:: Given records ::

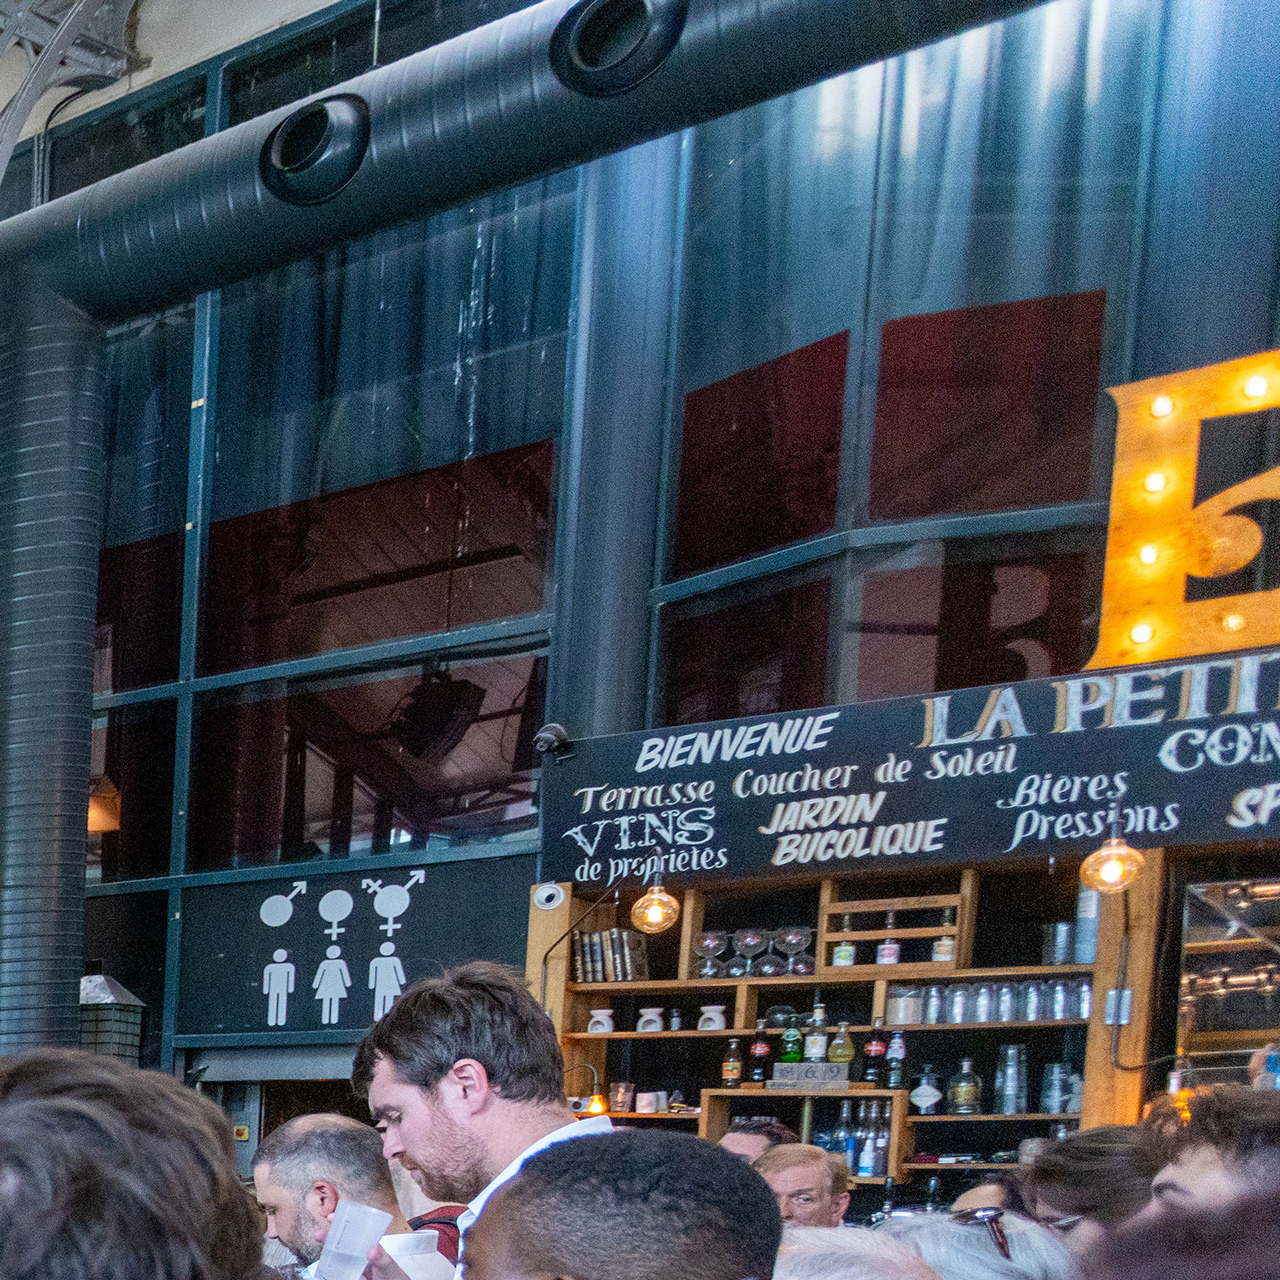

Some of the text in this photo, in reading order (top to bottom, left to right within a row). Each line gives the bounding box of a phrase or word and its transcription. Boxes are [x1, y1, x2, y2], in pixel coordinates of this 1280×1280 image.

[910, 651, 1280, 748] LA PETI
[634, 711, 840, 773] BIENVENUE
[573, 742, 1018, 814] Terrasse Coucher de Soleil
[561, 806, 717, 857] VINS
[758, 791, 887, 835] JARDIN
[1002, 802, 1181, 853] Pressions
[770, 818, 949, 867] BUCOLIQUE
[574, 857, 602, 882] de

:::

▶ How to complete this task: All lines above are to be restated word for word, with pictures excluded.

▶ Solution:
Some of the text in this photo, in reading order (top to bottom, left to right within a row). Each line gives the bounding box of a phrase or word and its transcription. Boxes are [x1, y1, x2, y2], in pixel coordinates of this 1280×1280 image.

[910, 651, 1280, 748] LA PETI
[634, 711, 840, 773] BIENVENUE
[573, 742, 1018, 814] Terrasse Coucher de Soleil
[561, 806, 717, 857] VINS
[758, 791, 887, 835] JARDIN
[1002, 802, 1181, 853] Pressions
[770, 818, 949, 867] BUCOLIQUE
[574, 857, 602, 882] de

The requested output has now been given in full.